NTB Times, Kalimantan Barat – Beberapa titik Jalan Provinsi penghubung Kab. Ketapang dan Kab. Kayong Utara dalam kondisi rusak parah. Infrastruktur fisik keras terutama jalan khususnya di daerah sepertinya masih menjadi permasalahan serius bagi masyarakat Kal-Bar. Kamis (2/5/2019)

Jalan yang panjangnya kisaran 120 KM tersebut merupakan akses utama lalu lintas warga melalui jalur darat, bahkan jalan ini juga sering di lalui para pejabat negara, mulai dari tingkat pusat, provinsi hingga kabupaten.

Salah satu warga pengguna jalan. Masri mengatakan jalan yang rusak parah tepatnya di Areal Sail Karimata.

” Tepatnya di Desa Pampang, pertengahan antara Siduk dan Sukadana, kurang lebih sekitar 20 KM yang betul-betul rusak parah” Ujarnya saat dihubungi TepianKapuas.Com.

Masri yang berprofesi sebagai salah satu guru di Sukadana ini mengatakan akibat jalan yang rusak, warga sering mengalami kecelakaan saat melintas.

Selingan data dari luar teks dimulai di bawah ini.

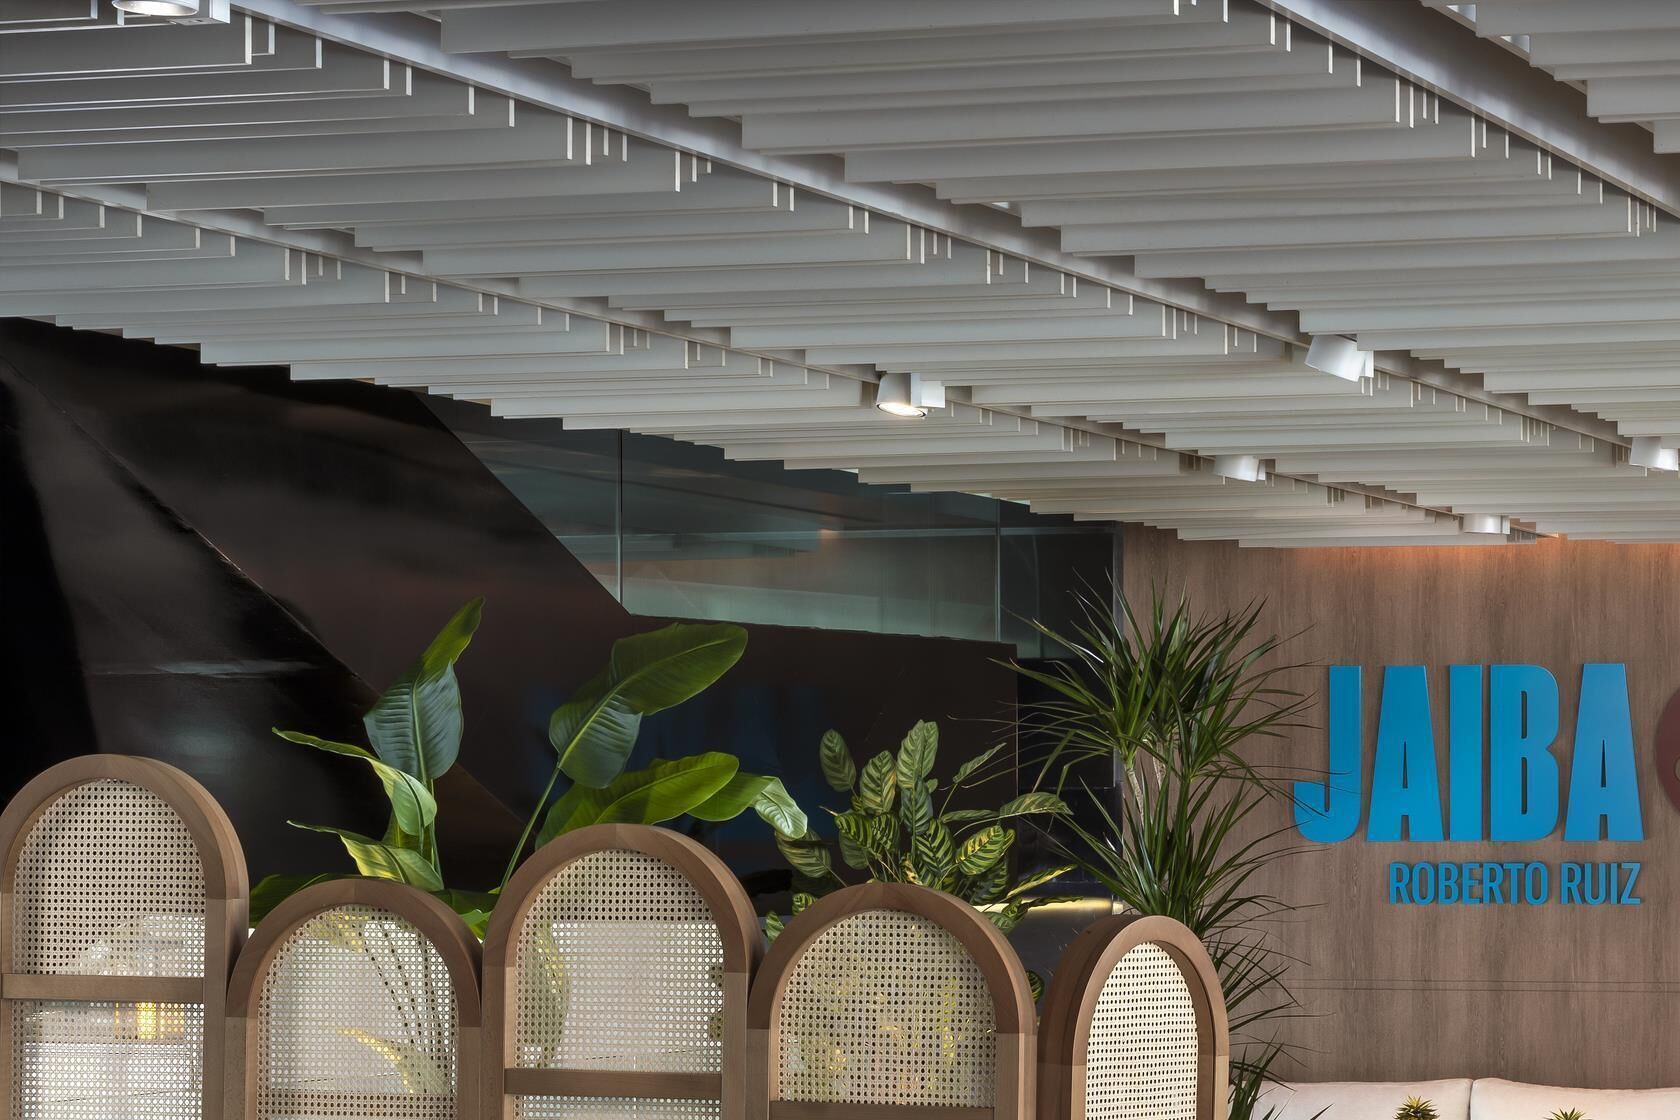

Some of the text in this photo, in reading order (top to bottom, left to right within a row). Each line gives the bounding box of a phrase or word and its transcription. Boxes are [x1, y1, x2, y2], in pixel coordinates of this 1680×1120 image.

[1293, 663, 1644, 842] JAIBA
[1389, 861, 1641, 905] ROBERTO RUIZ

” Warga sering kecelakaan, soalnya jalan banyak yang berlubang, itu yang membahayakan keselamatan pengendara,”. Bebernya.

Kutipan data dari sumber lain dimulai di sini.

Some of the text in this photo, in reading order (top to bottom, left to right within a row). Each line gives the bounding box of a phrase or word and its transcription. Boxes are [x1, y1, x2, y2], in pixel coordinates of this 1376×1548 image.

Masri melanjutkan jalan sudah cukup lama dalam kondisi rusak, mengenai perbaikan dilakukan hanya sebatas sementara.

” Perbaikan biasanya saat pejabat mau lewat, itupun sifatnya sementara, tak lama berselang rusak lagi” sambungnya.

Masri mengaku prihatin melihat kondisi warga terutama Siswa-Siswi SMA/SMK Sukadana terutama yang berasal dari Siduk.

” Saya prihatin melihat kondisi siswa, masyarakat juga banyak yang mengeluh dengan kondisi ini, hanya saja masyarakat belum mengambil tindakan tertentu untuk menyuarakan kondisi jalan ini ” Pungkasnya.

Masri berharap kepada Pemprov Kal-Bar beserta pihak terkait agar fokus membenahi Jalan Provinsi Ketapang-Kayong Utara, sebab jalan ini merupakan akses satu-satunya dan sudak rusak sejak lama, semakin lama dibiarkan rusak khawatir semakin membahayakan keselamatan masyarakat.

Selanjutnya, Mantan Siswa salah satu Sekolah di Sukadana berinisial MS Mengatakan saat ia aktif melintasi jalan tersebut merasa terbebani saat berkendara karena jalan banyak berlubang.

” Dalam hal ini saya merasa tidak nyaman, apalagi jalan menuju ke sekolah kami, dari rumah menggunakan motor melewati lubang dan becek saat hujan serta debu saat kemarau sehingga membuat saya tidak nyaman sebagai pengendara “. Ujarnya.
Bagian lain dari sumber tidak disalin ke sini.